*** Begin section ***
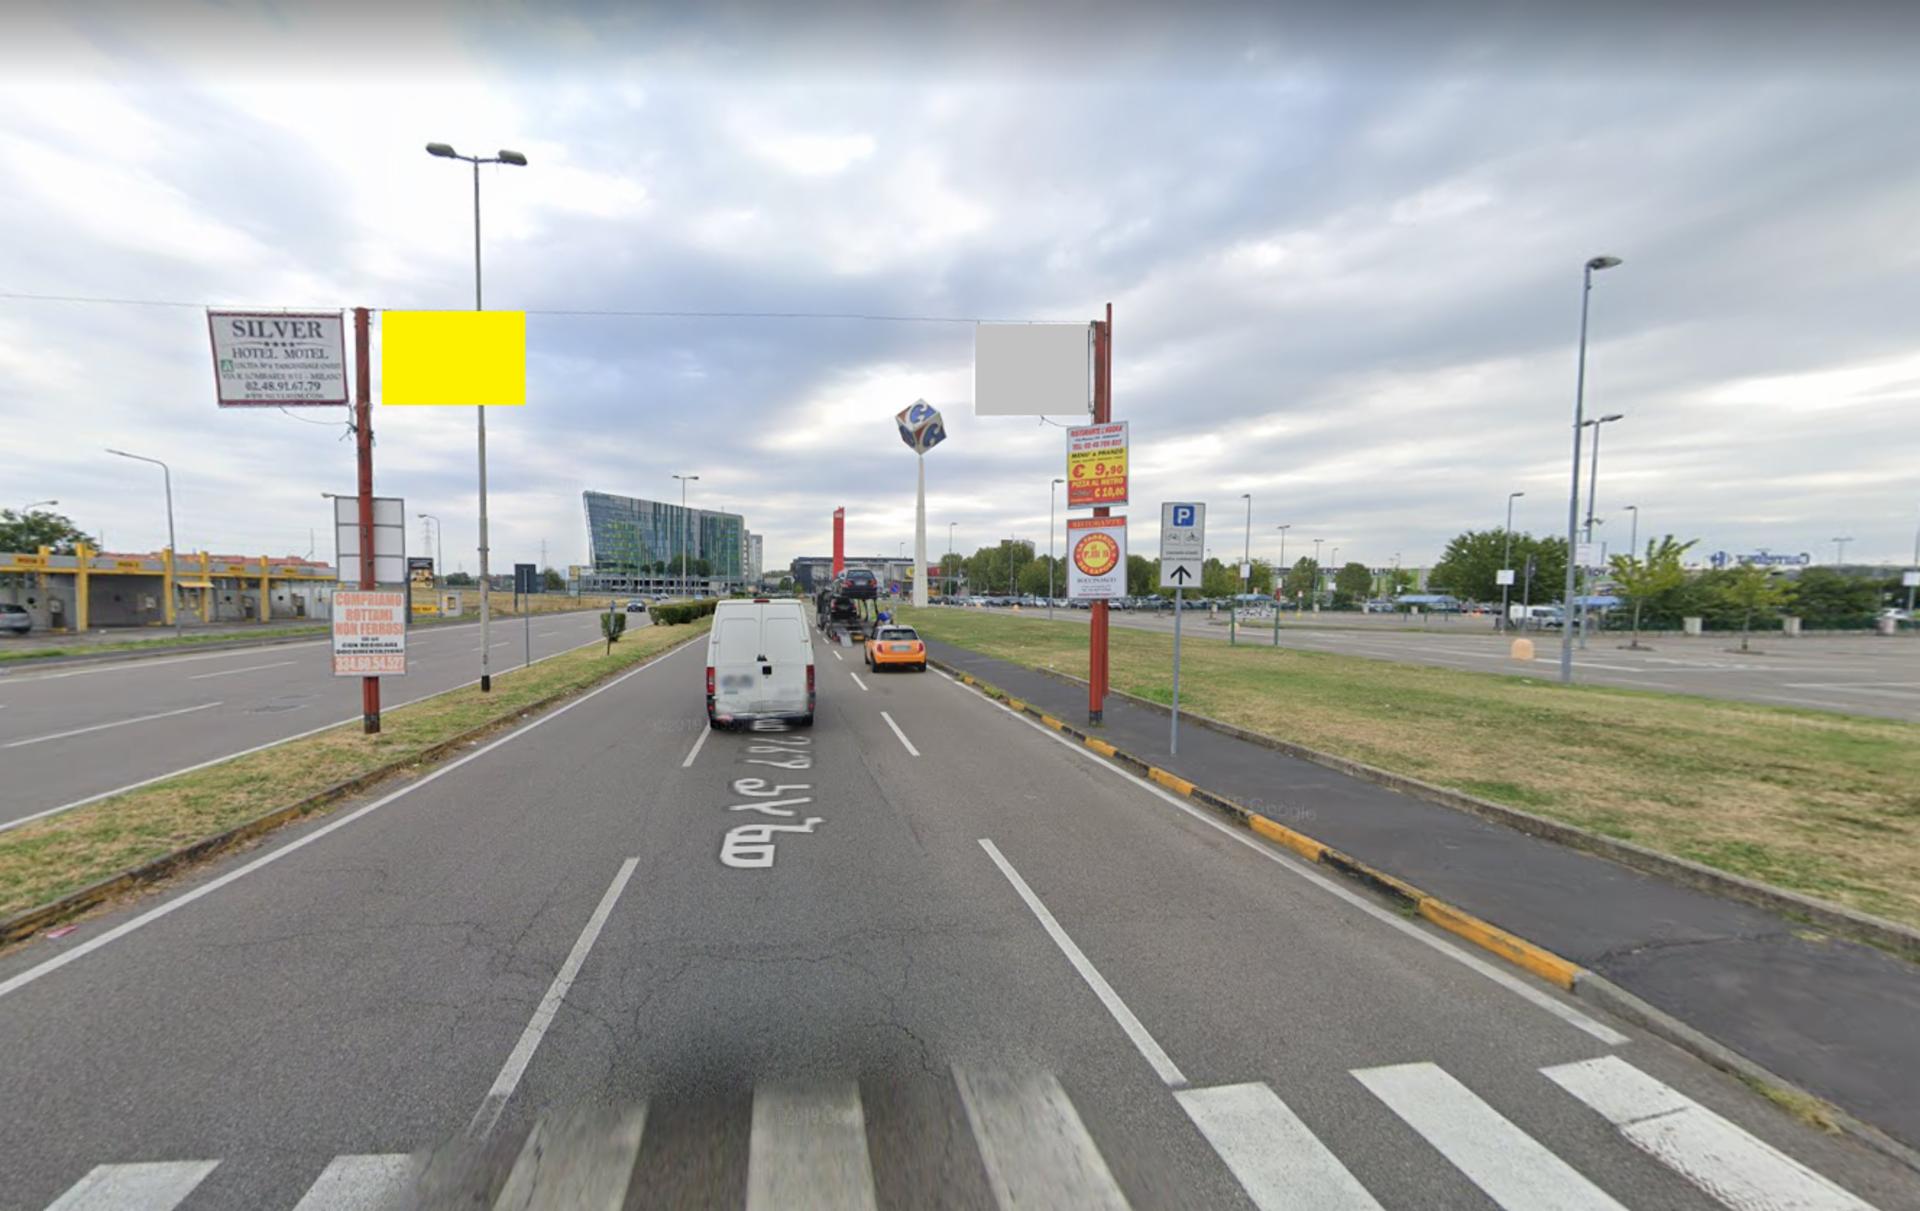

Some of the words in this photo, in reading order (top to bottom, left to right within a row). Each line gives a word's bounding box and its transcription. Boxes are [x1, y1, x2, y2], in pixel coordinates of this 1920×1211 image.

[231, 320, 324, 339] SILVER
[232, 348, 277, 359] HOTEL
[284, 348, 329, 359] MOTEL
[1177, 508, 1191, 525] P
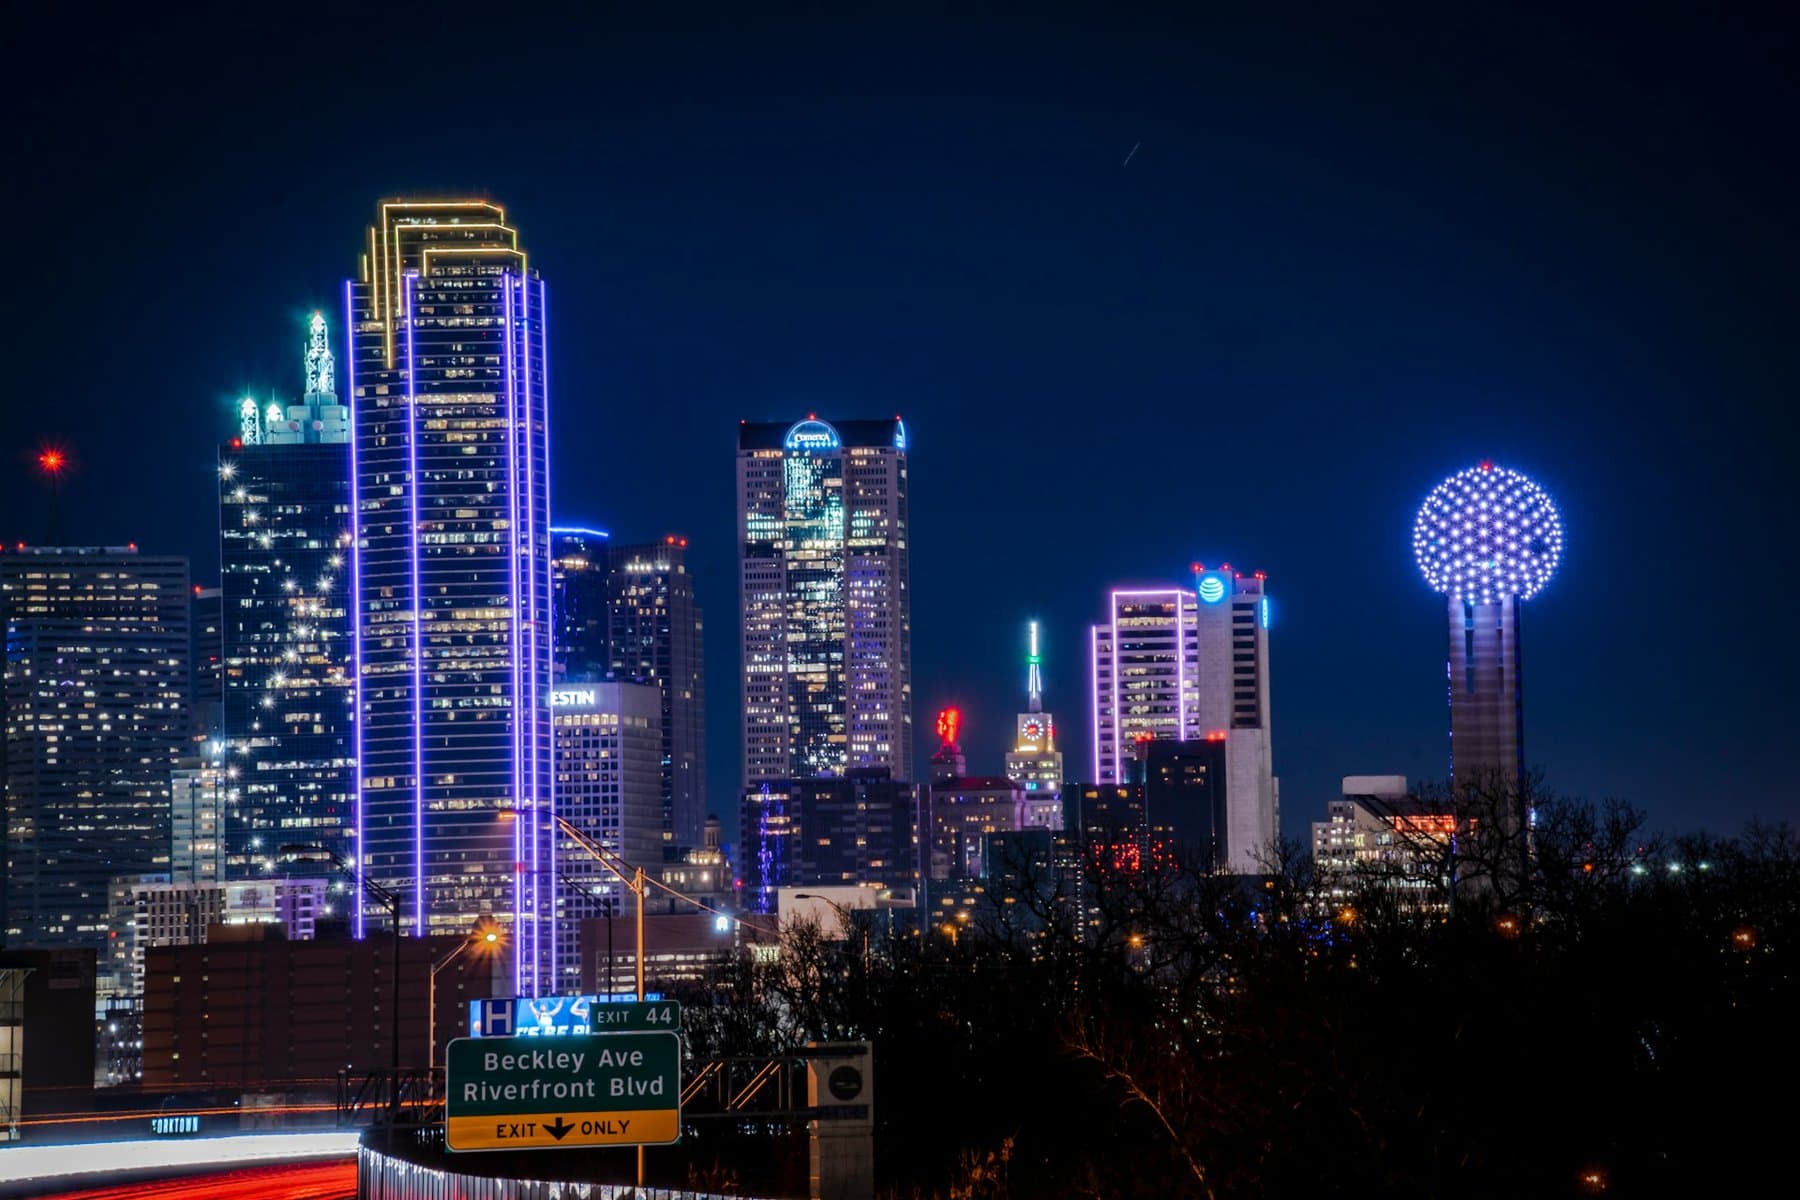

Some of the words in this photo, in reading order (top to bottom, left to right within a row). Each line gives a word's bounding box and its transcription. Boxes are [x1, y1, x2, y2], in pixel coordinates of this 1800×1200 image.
*** End section ***
## Task instructions:
Write out all the entries again, word for word, and print no images.

## Result below:
Some of the words in this photo, in reading order (top to bottom, left to right within a row). Each line gives a word's bounding box and its transcription. Boxes are [x1, y1, x2, y2], in pixel coordinates of this 1920×1211 image.

[231, 320, 324, 339] SILVER
[232, 348, 277, 359] HOTEL
[284, 348, 329, 359] MOTEL
[1177, 508, 1191, 525] P

Some of the words in this photo, in reading order (top to bottom, left to right within a row). Each line gives a word's bounding box and its transcription. Boxes are [x1, y1, x2, y2], in pixel coordinates of this 1800×1200 image.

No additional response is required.